Circles are the new meme for financial graphs

I am intruiged with a new craze that seems to be gathering momentum in how data is represented.  Until a month ago I couldn’t remember when I last saw relative areas of circles used to compare quantities, but recently it seems to be all over the place.  I think that the first one I saw was on the BBC (here) and there it felt quite clever since it used the edges of the huge circles to show the sense of scale of GDP without swamping the rest of the data :-

Succeeding charts that I have seen seem to have no logic in their use of circles – just using the same meme. Of course, as I write this, I am struggling to refind the things I had seen amongst the deluge of news items on the markets.  But, there’s an example from the Daily Mail (here). As I look at it again, I think it uses a slightly different model of showing spheres and using the relative volumes .. but that’s based on eyeballing it rather than measuring it.  EDIT And, not helped by the scale which seems to change from institution to institution.
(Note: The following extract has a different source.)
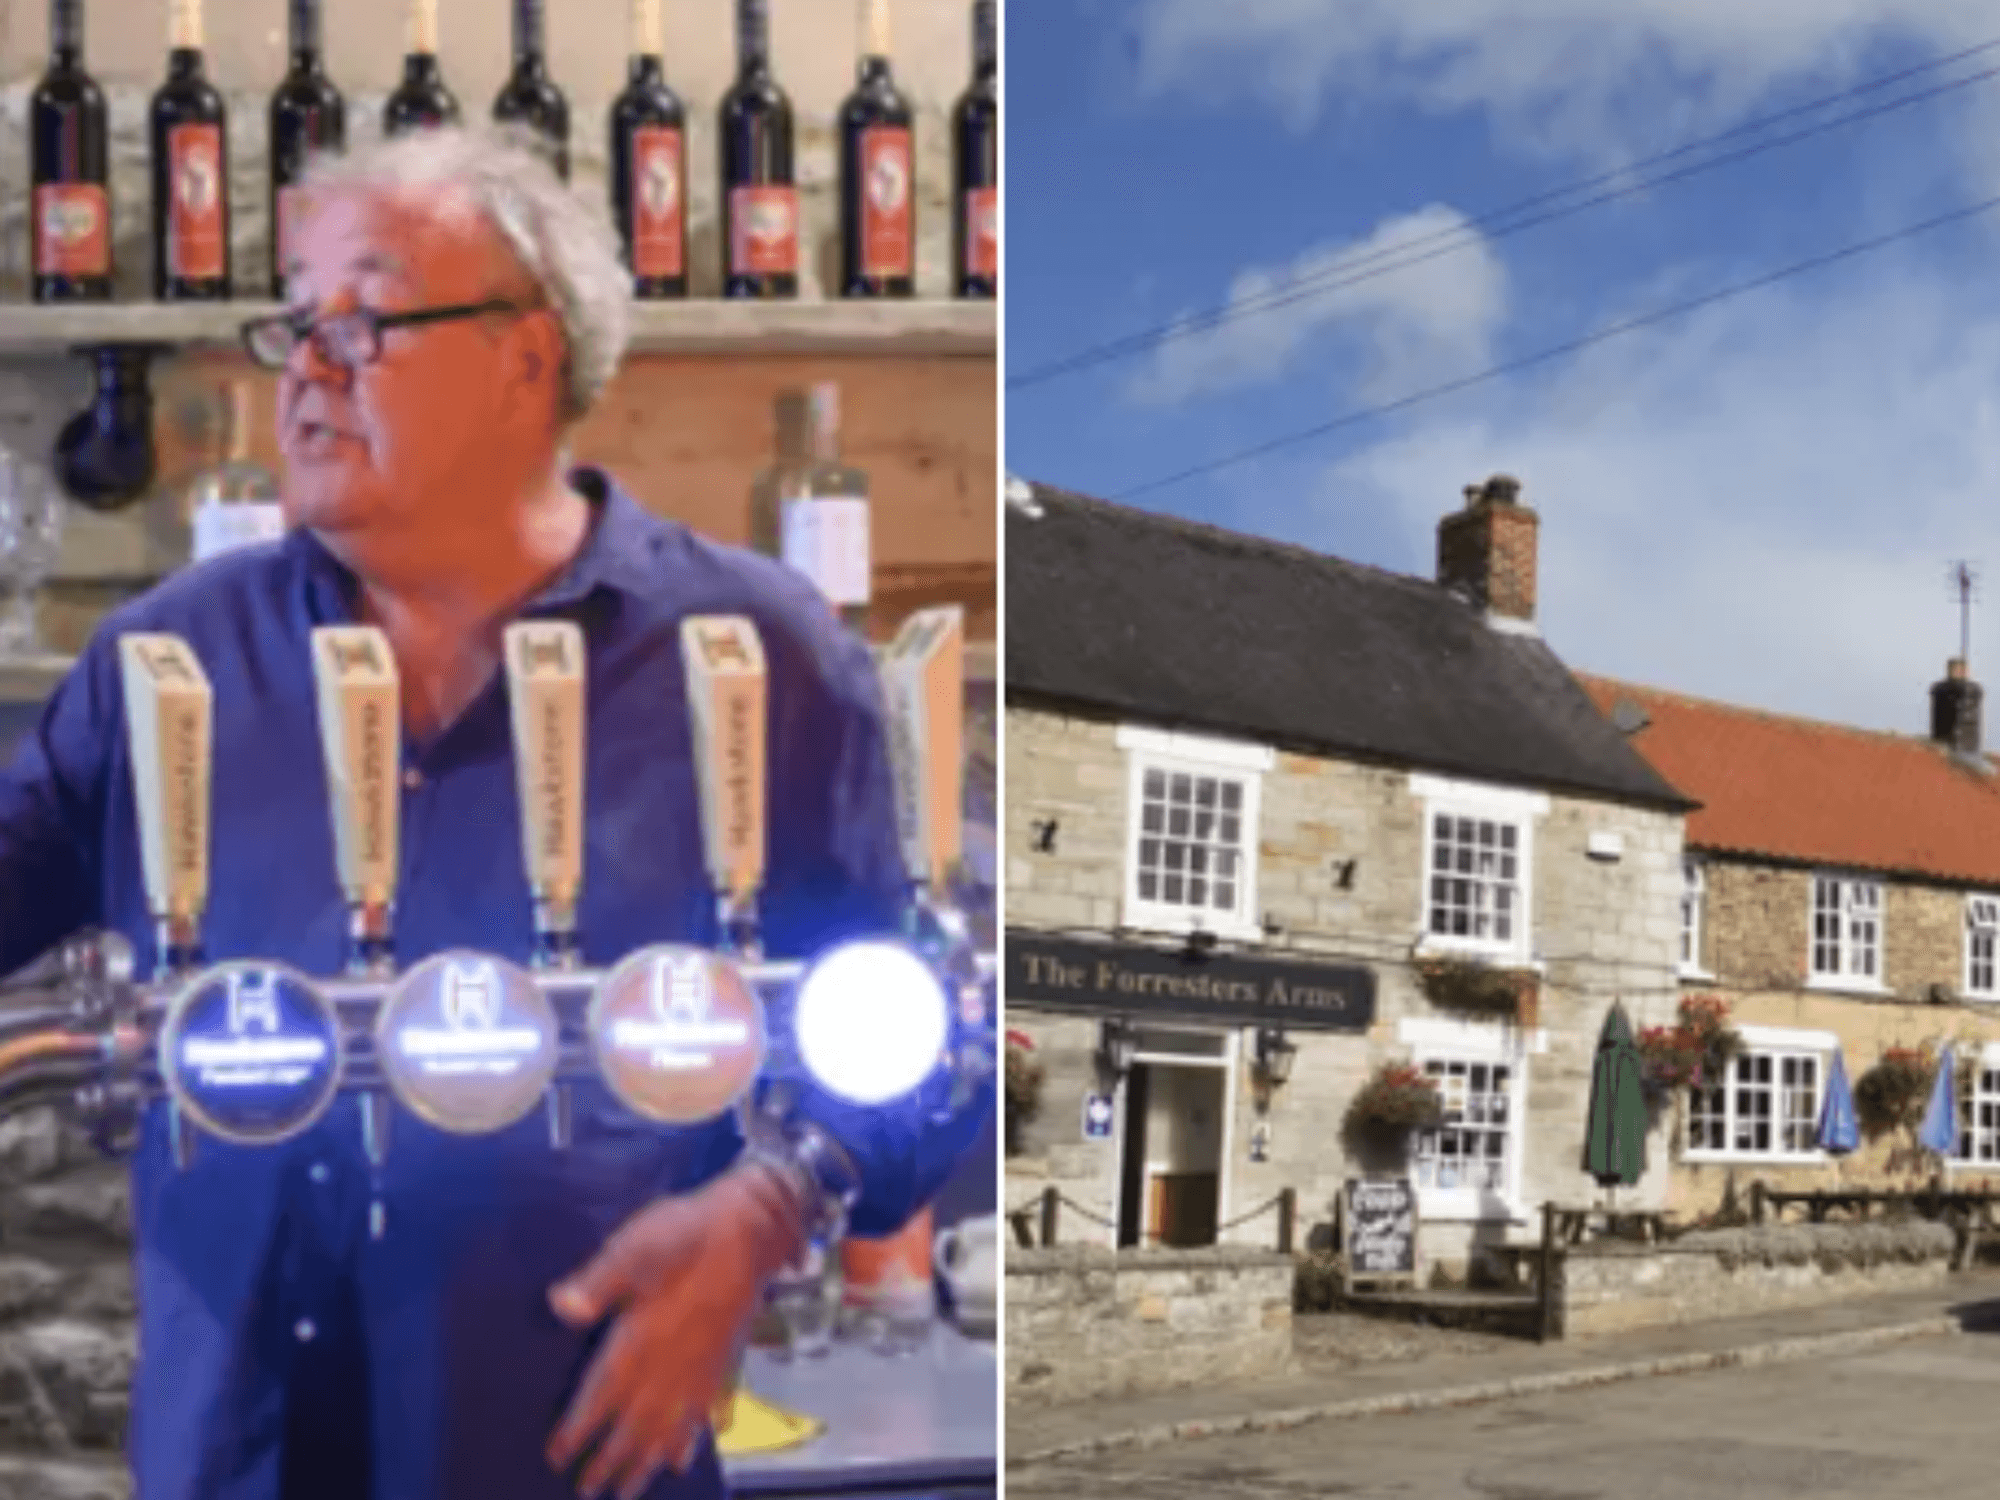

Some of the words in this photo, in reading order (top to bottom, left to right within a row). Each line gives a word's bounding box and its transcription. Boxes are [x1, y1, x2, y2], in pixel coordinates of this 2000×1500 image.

When I saved this post I found that the second section was missing, and was in fact a seperate image file.  I’ve now added that, keeping both images a their natural size (apols that it makes formatting dreadful).  Done that way the scale appears to be consistent between the two images.  When they appeared, at least on the web, theyu were auto-scaled to fit the column that they were in, and that made the relative scales wrong – shows one of the unintended hazards of web publishing!